La Jornada mundial de oración por la santificación de los sacerdotes, que se celebra en la inminente solemnidad del Sagrado Corazón de Jesús, nos brinda la ocasión de reflexionar juntos en el don de nuestro ministerio sacerdotal, compartiendo vuestra solicitud pastoral por todos los creyentes y por la humanidad entera, y de modo específico por la porción del pueblo de Dios encomendada a vuestros respectivos Ordinarios, de los que sois valiosos colaboradores.

El tema de este año —«El sacerdote, alimentado por la palabra de Dios, es testigo universal de la caridad de Cristo»— se encuentra en sintonía con el magisterio reciente del Papa Benedicto XVI y, en particular, con la exhortación apostólica postsinodal Sacramentum caritatis (22 de febrero de 2007). En ella el Santo Padre escribe: «No podemos guardar para nosotros el amor que celebramos en el Sacramento. Este amor exige por su naturaleza que sea comunicado a todos. Lo que el mundo necesita es el amor de Dios, encontrar a Cristo y creer en él. Por eso la Eucaristía no es sólo fuente y culmen de la vida de la Iglesia; lo es también de su misión: “Una Iglesia auténticamente eucarística es una Iglesia misionera” (Propositio 42)» (n. 84).

1. Hombre de Dios, hombre de la misión

Llevar a Dios a los hombres es la misión esencial del sacerdote, misión que el ministro sagrado ha sido capacitado para realizar porque él, que ha sido elegido por Dios, vive con él y para él. El Santo Padre, en su discurso durante la sesión inaugural de la V Conferencia general del Episcopado latinoamericano y del Caribe (13 de mayo de 2007), que tuvo por tema: «Discípulos y misioneros de Jesucristo, para que nuestros pueblos en él tengan vida», dijo, dirigiéndose a los sacerdotes: «Los primeros promotores del discipulado y de la misión son aquellos que han sido llamados “para estar con Jesús y ser enviados a predicar” (Mc 3, 14)… El sacerdote debe ser ante todo un “hombre de Dios” (1 Tm 6, 11) que conoce a Dios directamente, que tiene una profunda amistad personal con Jesús, que comparte con los demás los mismos sentimientos de Cristo (cf. Flp 2, 5). Sólo así el sacerdote será capaz de llevar a los hombres a Dios, encarnado en Jesucristo, y de ser representante de su amor» (n. 5: L’Osservatore Romano, edición en lengua española, 25 de mayo de 2007, p. 11).
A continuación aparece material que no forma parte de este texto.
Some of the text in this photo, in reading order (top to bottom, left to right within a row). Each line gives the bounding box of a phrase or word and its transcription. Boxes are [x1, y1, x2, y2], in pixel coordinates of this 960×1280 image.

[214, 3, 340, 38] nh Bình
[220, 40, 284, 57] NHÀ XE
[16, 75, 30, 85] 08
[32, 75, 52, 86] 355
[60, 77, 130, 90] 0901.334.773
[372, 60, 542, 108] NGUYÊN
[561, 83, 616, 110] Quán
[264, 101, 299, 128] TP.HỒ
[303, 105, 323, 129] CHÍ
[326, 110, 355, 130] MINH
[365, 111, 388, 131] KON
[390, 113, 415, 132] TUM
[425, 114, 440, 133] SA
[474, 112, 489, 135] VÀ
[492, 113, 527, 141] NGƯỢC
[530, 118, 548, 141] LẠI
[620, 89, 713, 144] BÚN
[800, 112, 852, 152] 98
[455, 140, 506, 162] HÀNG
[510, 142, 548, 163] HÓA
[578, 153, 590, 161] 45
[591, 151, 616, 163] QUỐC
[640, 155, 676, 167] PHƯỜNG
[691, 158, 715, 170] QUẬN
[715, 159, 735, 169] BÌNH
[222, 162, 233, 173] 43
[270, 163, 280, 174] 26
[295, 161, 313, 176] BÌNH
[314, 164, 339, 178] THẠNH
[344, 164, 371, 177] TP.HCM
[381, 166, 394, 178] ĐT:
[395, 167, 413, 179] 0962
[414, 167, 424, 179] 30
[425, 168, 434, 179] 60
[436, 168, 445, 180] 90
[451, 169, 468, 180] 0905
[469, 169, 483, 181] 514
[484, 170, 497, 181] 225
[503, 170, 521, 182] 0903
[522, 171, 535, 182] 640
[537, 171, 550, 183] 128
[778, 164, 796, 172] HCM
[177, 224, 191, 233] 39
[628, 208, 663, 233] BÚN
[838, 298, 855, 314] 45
Esta verdad se encuentra expresada en un versículo de un salmo sacerdotal que en otros tiempos formaba parte del rito de admisión al estado clerical: «El Señor es el lote de mi heredad y mi copa, mi suerte está en tu mano» (Sal 16, 5). Sabemos por el Deuteronomio (cf. Dt 10, 9) que, después de la toma de posesión de la Tierra prometida, cada tribu era beneficiaria —por sorteo— de una porción de la misma, cumpliéndose así la promesa divina hecha a Abraham. Sólo la tribu de Leví no recibía terreno alguno, pues su tierra era Dios mismo.

Ciertamente, la afirmación tenía también una razón práctica: los sacerdotes no vivían, como las demás tribus, del cultivo de la tierra, sino de las ofrendas. Con todo, esa aserción del salmista es signo y símbolo de una realidad más profunda: el verdadero fundamento de la vida sacerdotal, el suelo de la existencia del sacerdote, la tierra de su vida es Dios mismo. La Iglesia ha visto en esta interpretación veterotestamentaria la explicación de lo que significa la misión sacerdotal siguiendo a los Apóstoles y en comunión con Cristo mismo.
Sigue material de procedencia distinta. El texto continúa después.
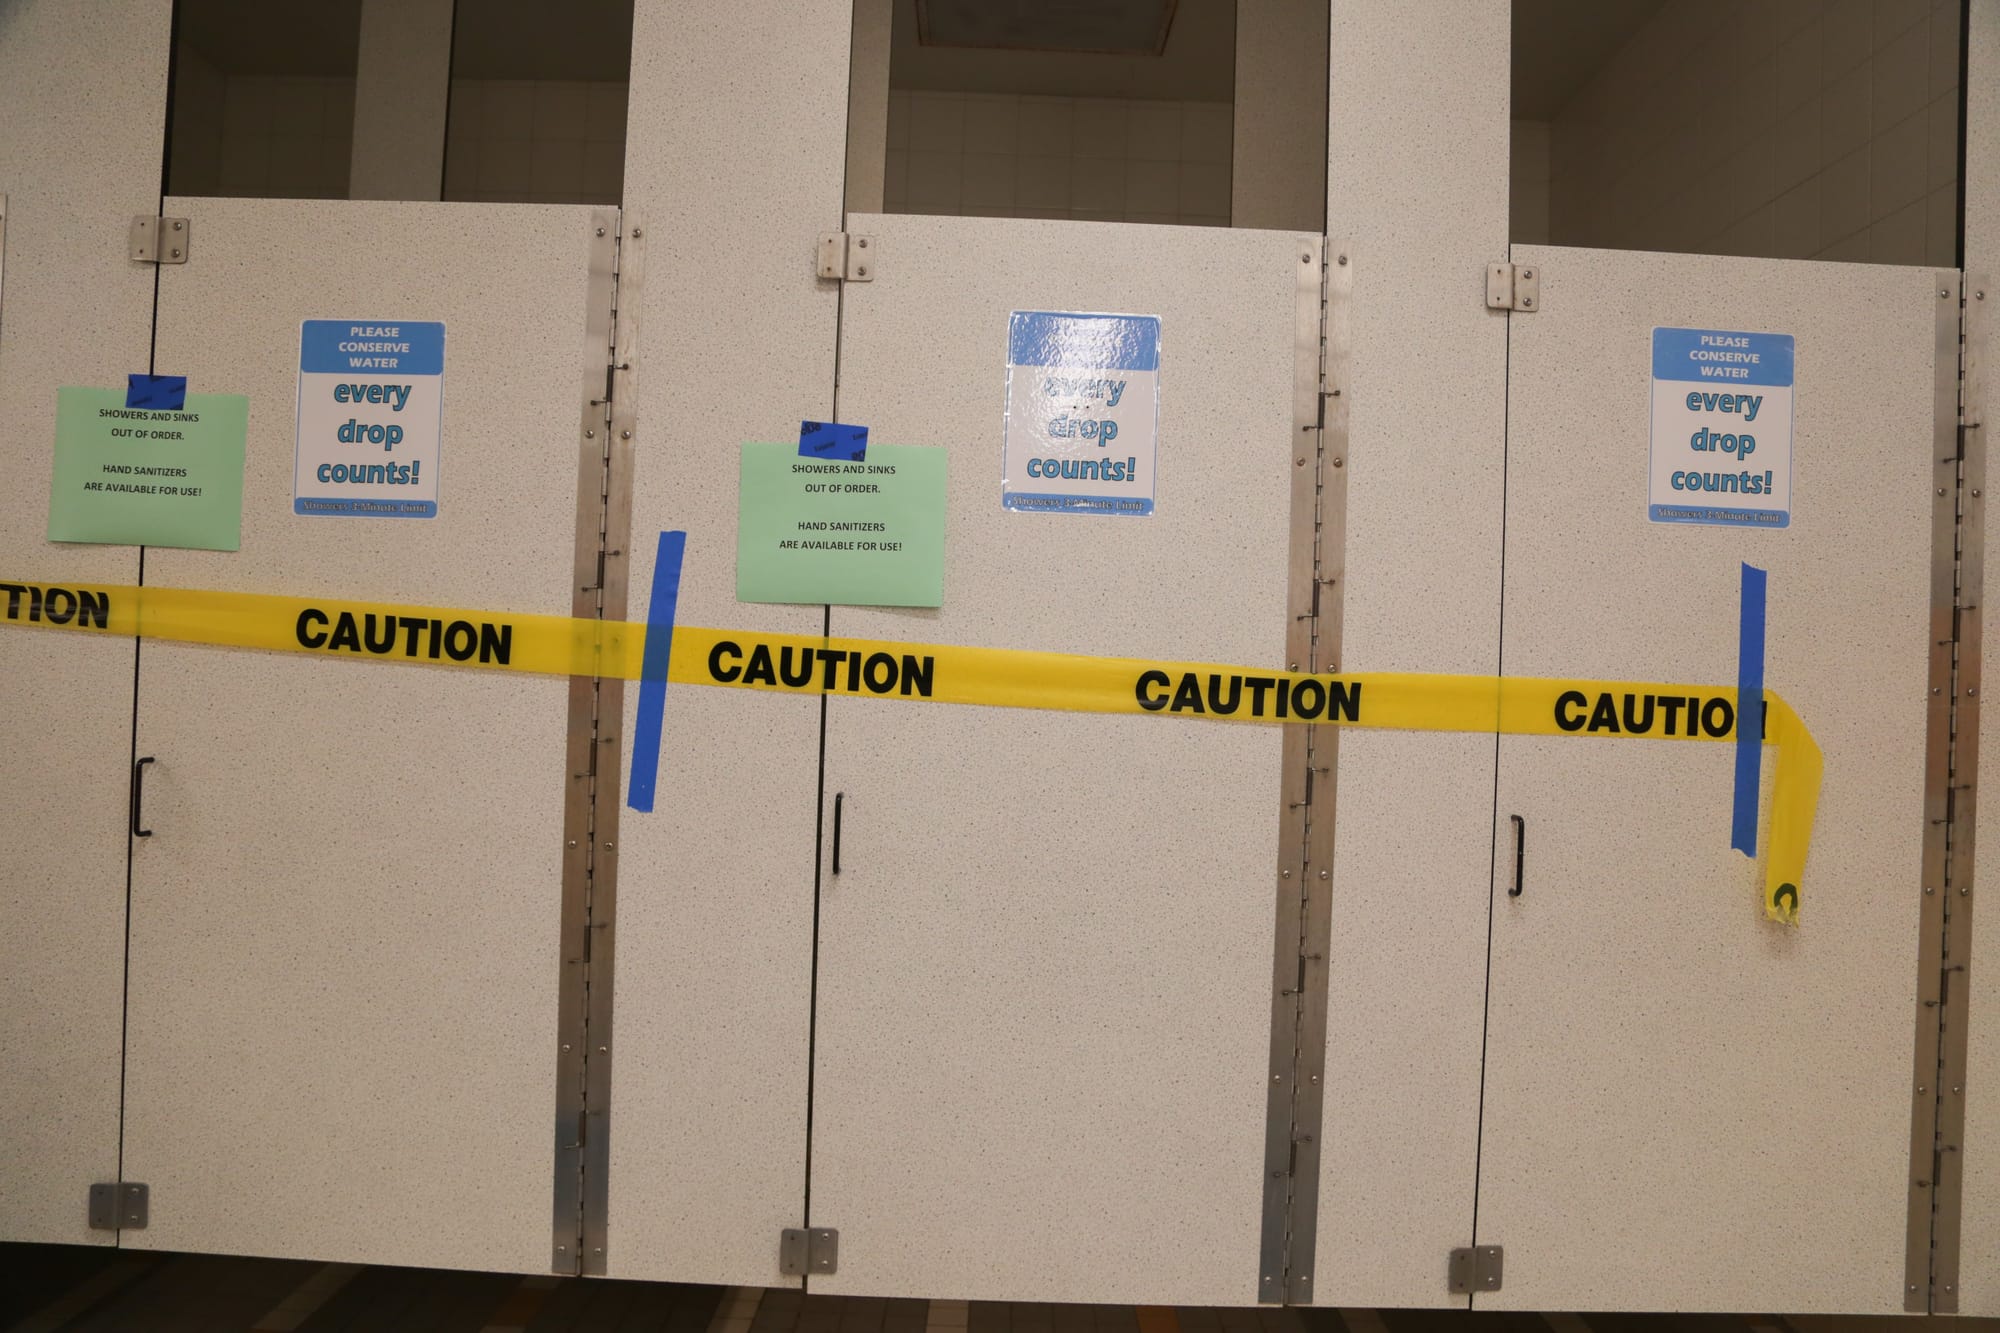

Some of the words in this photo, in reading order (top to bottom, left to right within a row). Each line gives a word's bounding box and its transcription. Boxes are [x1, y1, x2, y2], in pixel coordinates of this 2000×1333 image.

[350, 327, 399, 337] PLEASE
[339, 342, 409, 353] CONSERVE
[1701, 336, 1750, 347] PLEASE
[349, 357, 398, 368] WATER
[1689, 351, 1760, 363] CONSERVE
[1701, 366, 1749, 378] WATER
[334, 383, 412, 411] every
[1044, 376, 1126, 406] every
[1686, 392, 1763, 421] every
[99, 409, 148, 420] SHOWERS
[151, 412, 171, 421] AND
[173, 412, 199, 422] SINKS
[111, 428, 133, 438] OUT
[135, 430, 149, 438] OF
[151, 431, 185, 440] ORDER.
[338, 419, 403, 451] drop
[1048, 414, 1118, 447] drop
[1691, 428, 1755, 460] drop
[103, 465, 132, 474] HAND
[134, 466, 187, 477] SANITIZERS
[317, 461, 420, 484] counts!
[792, 464, 840, 474] SHOWERS
[843, 465, 865, 474] AND
[868, 465, 895, 474] SINKS
[1027, 457, 1136, 481] counts!
[1671, 470, 1773, 494] counts!
[84, 483, 103, 491] ARE
[105, 484, 156, 494] AVAILABLE
[159, 487, 177, 495] FOR
[180, 487, 202, 496] USE!
[805, 484, 826, 493] OUT
[829, 484, 842, 492] OF
[844, 484, 880, 493] ORDER.
[798, 522, 827, 530] HAND
[829, 522, 885, 531] SANITIZERS
[779, 541, 798, 549] ARE
[801, 541, 854, 550] AVAILABLE
[857, 542, 876, 550] FOR
[879, 543, 902, 551] USE!
[295, 607, 513, 665] CAUTION
[706, 640, 935, 698] CAUTION
[1134, 670, 1361, 723] CAUTION
Benedicto XVI dijo al respecto: «El sacerdote puede y debe decir también hoy con el levita: “Dominus pars hereditatis meae et calicis mei”. Dios mismo es mi lote de tierra, el fundamento externo e interno de mi existencia. Esta visión teocéntrica de la vida sacerdotal es necesaria precisamente en nuestro mundo totalmente funcionalista, en el que todo se basa en realizaciones calculables y comprobables. El sacerdote debe conocer realmente a Dios desde su interior y así llevarlo a los hombres: este es el servicio principal que la humanidad necesita hoy» (Discurso a la Curia romana con ocasión de las felicitaciones navideñas, 22 de diciembre de 2006: L’Osservatore Romano, edición en lengua española, 29 de diciembre de 2006, p. 7).

Si en una vida sacerdotal se pierde esta centralidad de Dios, se vacía todo el fundamento de la actividad pastoral, y con el exceso de activismo se corre el peligro de perder el contenido y el sentido del servicio pastoral.
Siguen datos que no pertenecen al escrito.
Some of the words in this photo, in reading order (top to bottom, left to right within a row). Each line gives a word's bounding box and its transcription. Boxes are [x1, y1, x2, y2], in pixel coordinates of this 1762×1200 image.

Entonces podrían crecer el protagonismo y las extravagancias erróneas. En vez de la sustancia, se darían sucedáneos. Se correría en vano, agotándose sin progresar.

Sólo quienes han aprendido a «estar con Cristo» se encuentran preparados para ser «enviados por él a evangelizar» con autenticidad (cf. Mc 3, 14). Un amor apasionado a Cristo es el secreto de un anuncio convencido de Cristo. «Sé hombre de oración antes de ser predicador», decía san Agustín (De doctrina christiana, IV, 15, 32: PL 34, 100), al exhortar a los ministros ordenados a ser discípulos de oración en la escuela del Maestro.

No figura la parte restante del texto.